The Moody Blues: Ride My Seesaw

 

Friday on my Mind 102 and Reelin’ In the Years 93: Say You Don’t Mind

Ex-Zombie Colin Blunstone had a few solo hits in the 70s.
This was one of them. Unfortunately the video isn’t synched. (Perhaps he was miming in the first place, but it sounds like a live performance.)

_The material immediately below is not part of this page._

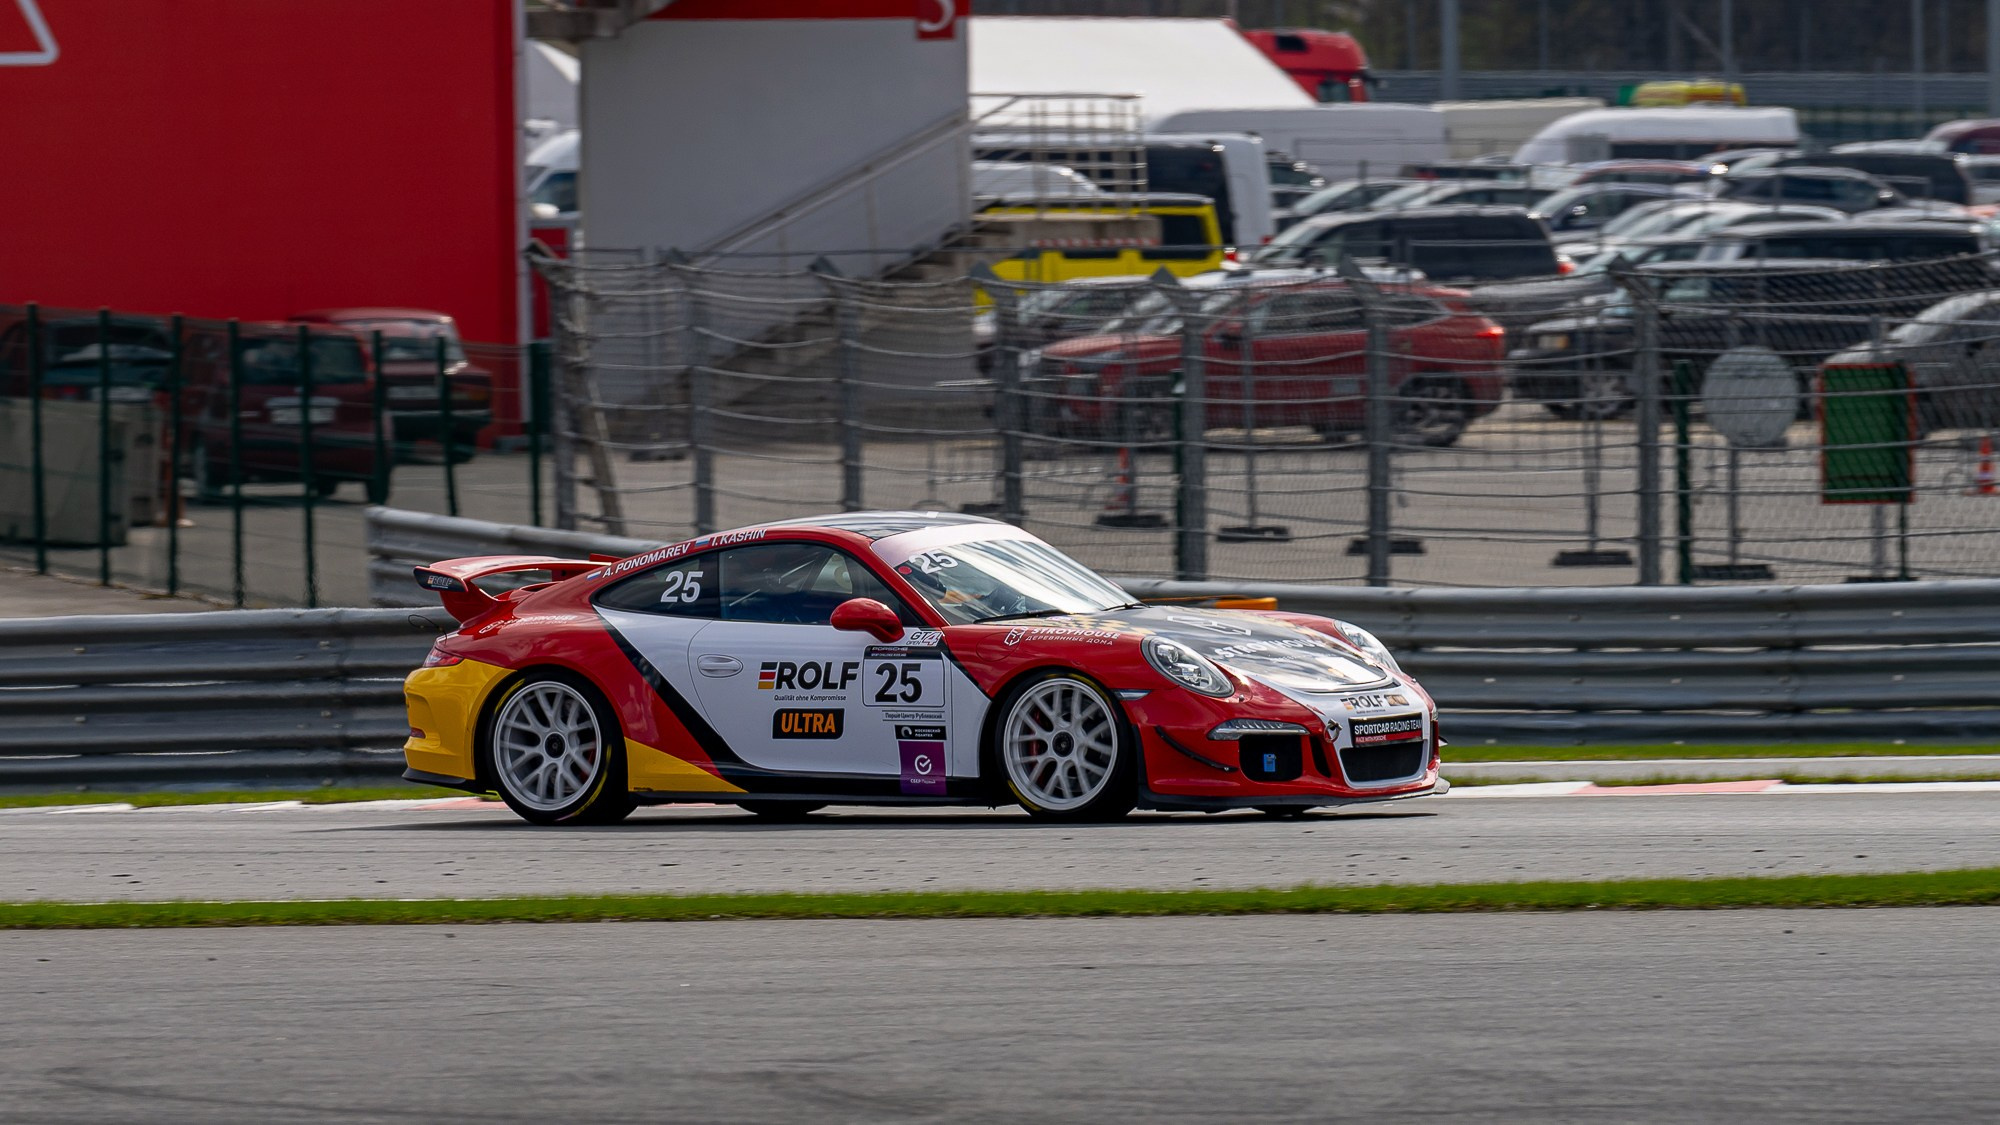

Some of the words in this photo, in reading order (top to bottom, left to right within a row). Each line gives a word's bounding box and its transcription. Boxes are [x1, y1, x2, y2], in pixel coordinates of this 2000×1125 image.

Colin Blunstone: Say You Don’t Mind

The song’s writer Denny Laine (he of the early Moody Blues and of Wings) had recorded it in the 60s.

Denny Laine: Say You Don’t Mind

 

Not Friday On My Mind 17: Fly Me High

(This is the way my mind works. One word different from last week’s title.)

This single comes from the time when Denny Laine and Clint Warwick had quit The Moody Blues and John Lodge and Justin Hayward had just joined the group. The change signalled a new direction in which they would play only their own songs, develop a more harmony based approach and an “orchestral” sound. Fly Me High was the new line-up’s first single and was something of a transitional song as Mike Pinder had yet to acquire what would become his trademark mellotron.

The hairy guys in the picture below would only appear a few years later. At the time of this recording they were much more clean-cut.